Pharmaceutical Technology


Small-molecule active pharmaceutical ingredient (API) facilities are proving to be especially difficult to sell, except for those with high-containment capabilities. Wiederseim estimates that there are more than 500,000 gall. of chemical API capacity for sale in North America and nearly 1 million gall. worldwide.

Several factors are driving the sell-off of pharmaceutical chemical facilities, including the decline of legacy products, the shift of production to tax-favored countries such as Ireland and Singapore (at the expense of other European countries and Puerto Rico), and the increase in sourcing from India and China.
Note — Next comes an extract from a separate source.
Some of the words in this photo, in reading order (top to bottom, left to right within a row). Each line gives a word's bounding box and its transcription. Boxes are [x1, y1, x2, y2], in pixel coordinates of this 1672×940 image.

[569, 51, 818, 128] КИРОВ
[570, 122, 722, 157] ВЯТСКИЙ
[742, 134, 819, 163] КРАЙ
Also, the trend toward high-potency APIs means that companies need far less production capacity for a given volume of finished-product sales.
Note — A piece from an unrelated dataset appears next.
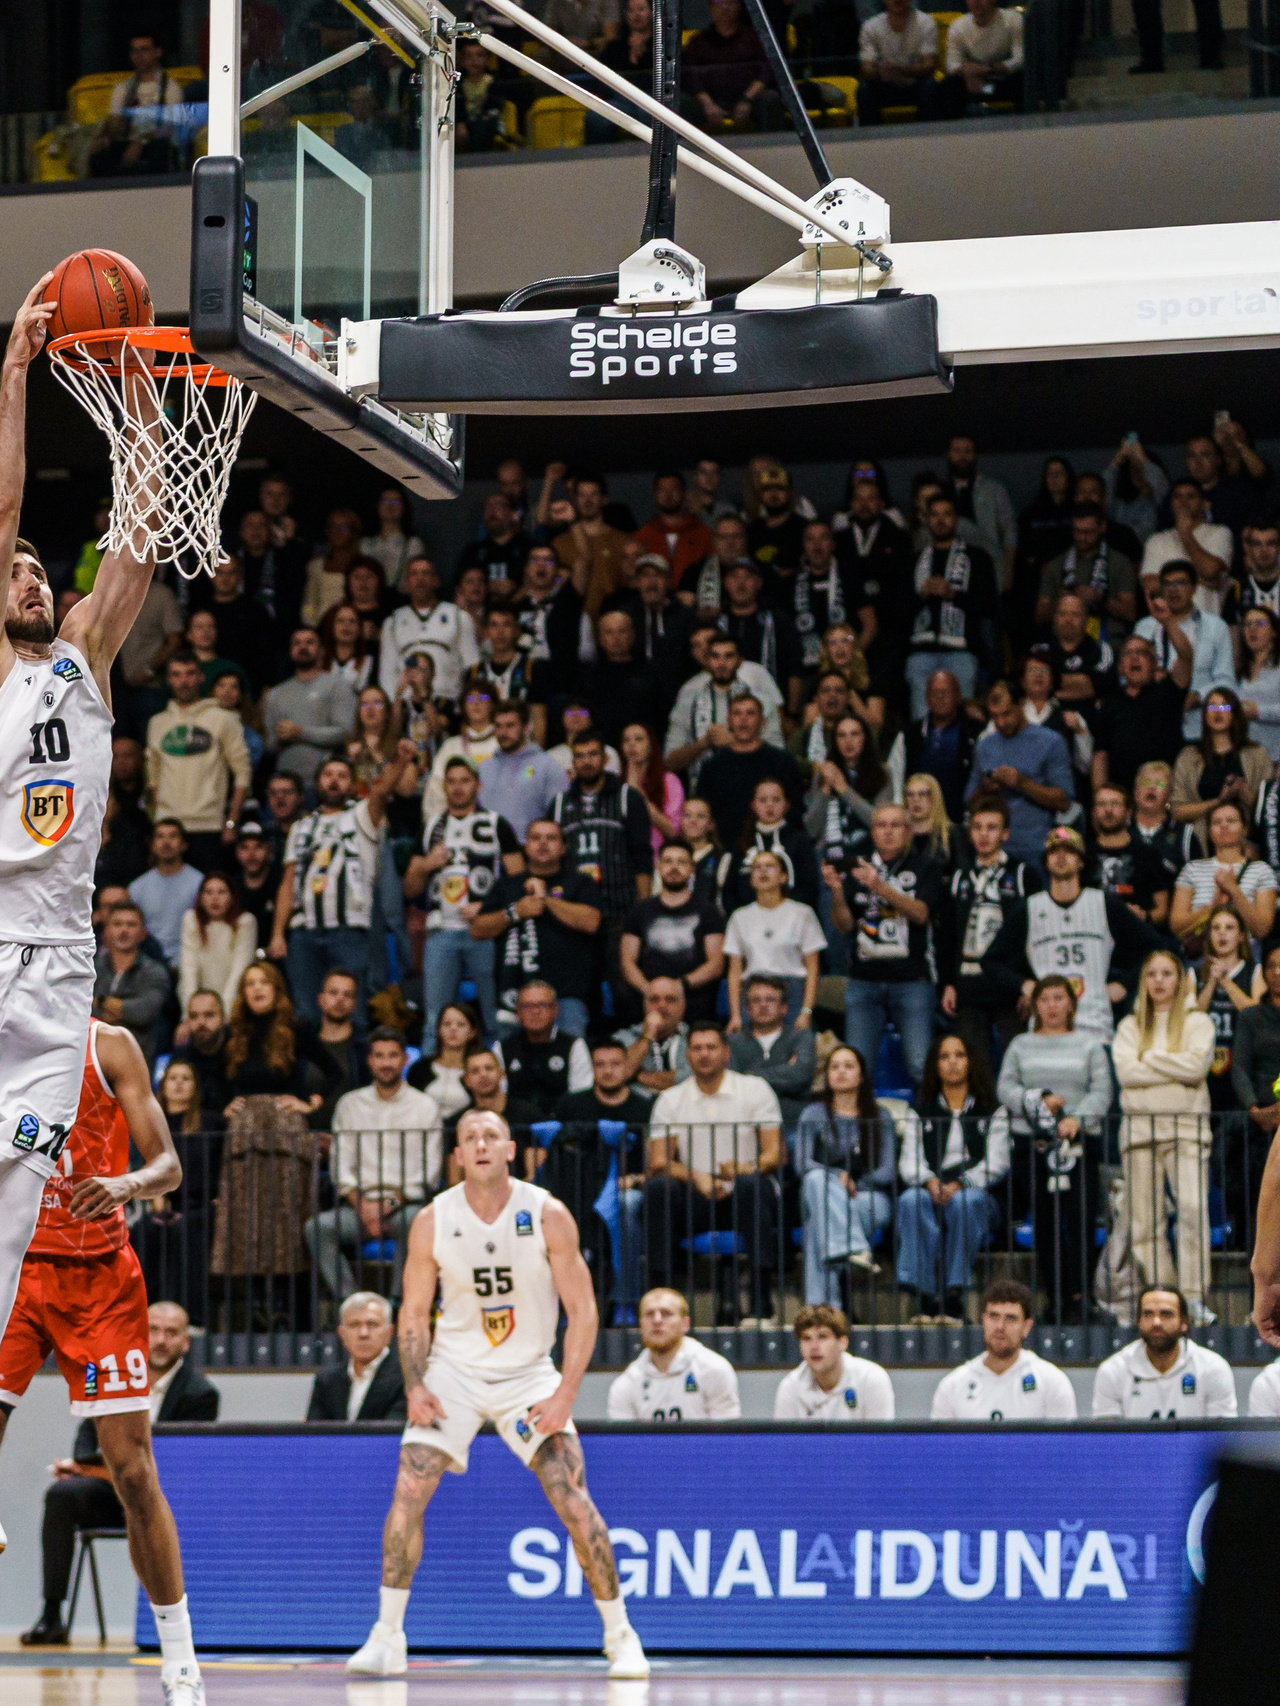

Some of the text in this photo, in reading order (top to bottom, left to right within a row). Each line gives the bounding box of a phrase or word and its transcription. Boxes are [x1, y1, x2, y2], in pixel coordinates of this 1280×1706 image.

Wiederseim says that there are far more sellers than buyers of pharmaceutical facilities, so the market is likely to remain weak. One of the best options for pharmaceutical companies seeking to sell properties is to find a buyer interested in converting the site to another use besides developing or manufacturing pharmaceuticals.

Some recent examples include Pfizer's (New York) manufacturing facility in Augusta, Georgia, which has been converted into an ethanol plant; Bayer (Leverkusen, Germany) site in West Haven, Connecticut, which has been bought by Yale University as a research campus; and the former Pfizer site in Skokie, Illinois, which Forest City Enterprises will convert into a bioscience incubator.

While CMOs have been eager buyers of pharmaceutical facilities in the past, we expect few, if any, of them to be buyers today. Ten years of experience in tinkering with their business model has taught CMOs several valuable lessons about the dangers of facility acquisitions, among them:

1. Having a few highly-used facilities is more likely to lead to success than having a lot of half-used facilities, no matter how cheaply they can be bought

2. In an industry where the cycle for negotiating a contract and starting production is three years or more, a 3–5 year contract for legacy products isn't really much of a head start

3. Borrowing money to buy facilities can lead to disastrous results [just ask Inyx (New York), which recently was put into receivership over loans taken to finance facility acquisitions].

Reflecting these lessons, CMOs have shown strong discipline of late. For instance, we know a number of CMOs would love to have an injectables manufacturing facility in North America, but none have taken a serious run at any of the facilities on the market. They aren't willing to inherit the problems of some of these facilities, and aren't ready to pay a steep price for the newer sites.